Written communications pursuant to Rule 425 under the Securities Act (17 CFR 230.425)

 

 

Soliciting material pursuant to Rule 14a-12 under the Exchange Act (17 CFR 240.14a-12)

 

 

Pre-commencement communications pursuant to Rule 14d-2(b) under the Exchange Act (17 CFR 240.14d-2(b))

 

 

Pre-commencement communications pursuant to Rule 13e-4(c) under the Exchange Act (17 CFR 240.13e 4(c))

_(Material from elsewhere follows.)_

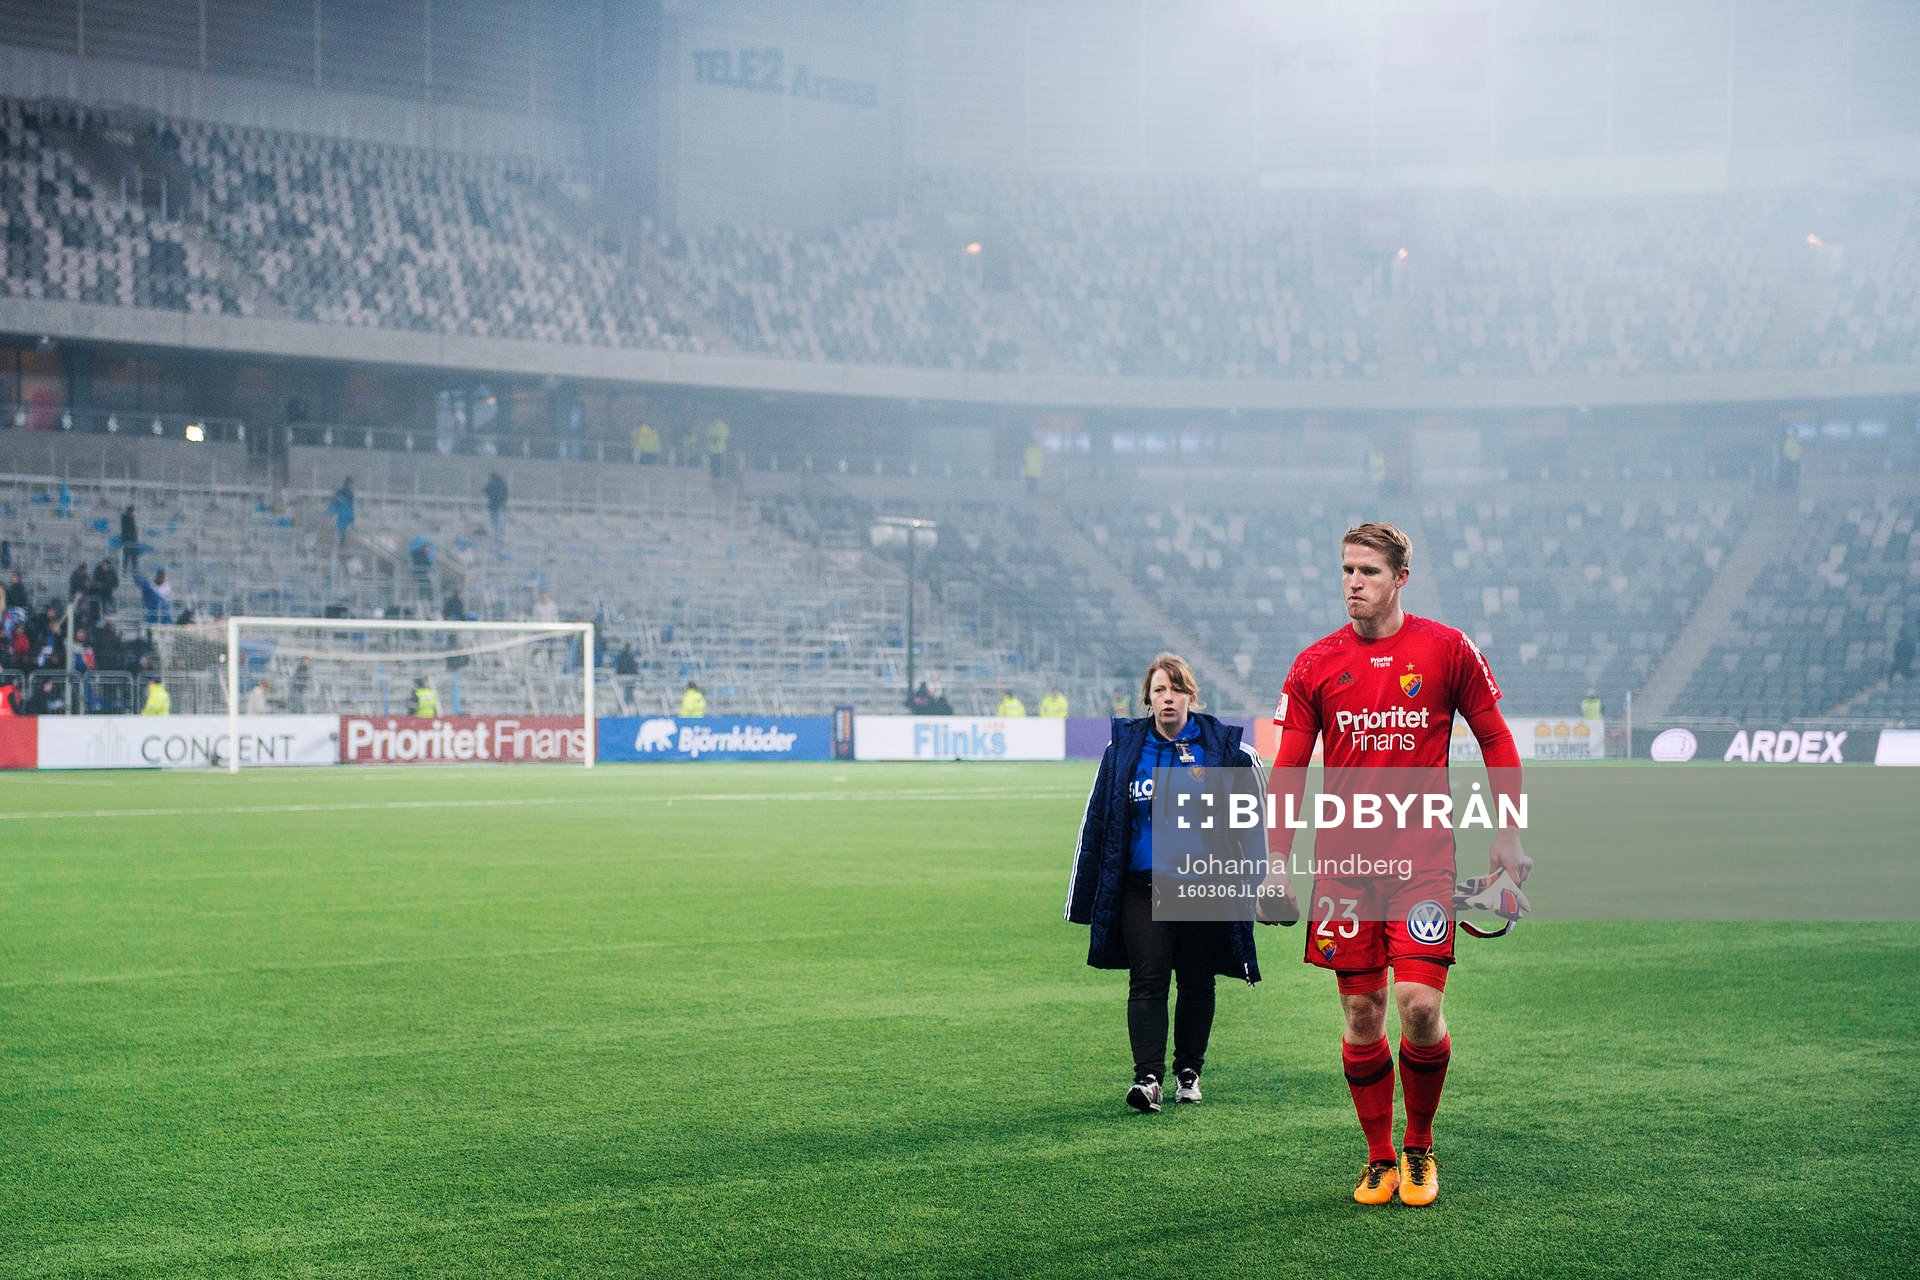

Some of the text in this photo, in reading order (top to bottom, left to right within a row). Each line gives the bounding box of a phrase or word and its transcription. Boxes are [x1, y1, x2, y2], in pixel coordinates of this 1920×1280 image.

Securities registered pursuant to section 12(b) of the Act:

 

Title of Each Class

 

Trading

Symbol(s)

 

Name of each exchange

on which registered

Units, each consisting of one share of Class A Common Stock and one-fifth of one redeemable warrant   NSTB.U   The New York Stock Exchange
Class A Common Stock, par value $0.0001 per share   NSTB   The New York Stock Exchange
Redeemable warrants, exercisable for shares of Class A Common Stock at an exercise price of $11.50 per share   NSTB WS   The New York Stock Exchange

Indicate by check mark whether the registrant is an emerging growth company as defined in Rule 405 of the Securities Act of 1933 (§230.405 of this chapter) or Rule 12b-2 of the Securities Exchange Act of 1934 (§240.12b-2 of this chapter).

Emerging growth company  ☒

If an emerging growth company, indicate by check mark if the registrant has elected not to use the extended transition period for complying with any new or revised financial accounting standards provided pursuant to Section 13(a) of the Exchange Act. ☐

 

 

 


Item 7.01 Regulation FD Disclosure.

As previously announced, Northern Star Investment Corp. II, a Delaware corporation (“Northern Star”), has entered into an Agreement and Plan of Reorganization (“Merger Agreement”) by and among Northern Star, NISC II-A Merger LLC, a Delaware limited liability company and wholly-owned subsidiary of Northern Star, NISC II-B Merger LLC, a Delaware limited liability company and wholly-owned subsidiary of Northern Star, Apex Clearing Holdings LLC, a Delaware limited liability company (“Apex”) and, solely for the purposes of Section 5.21 therein, PEAK6 Investments LLC, a Delaware limited liability company. Pursuant to the Merger Agreement, the parties will enter into a business combination transaction, as a result of which Apex will become a wholly-owned subsidiary of Northern Star, with the members of Apex becoming stockholders of Northern Star.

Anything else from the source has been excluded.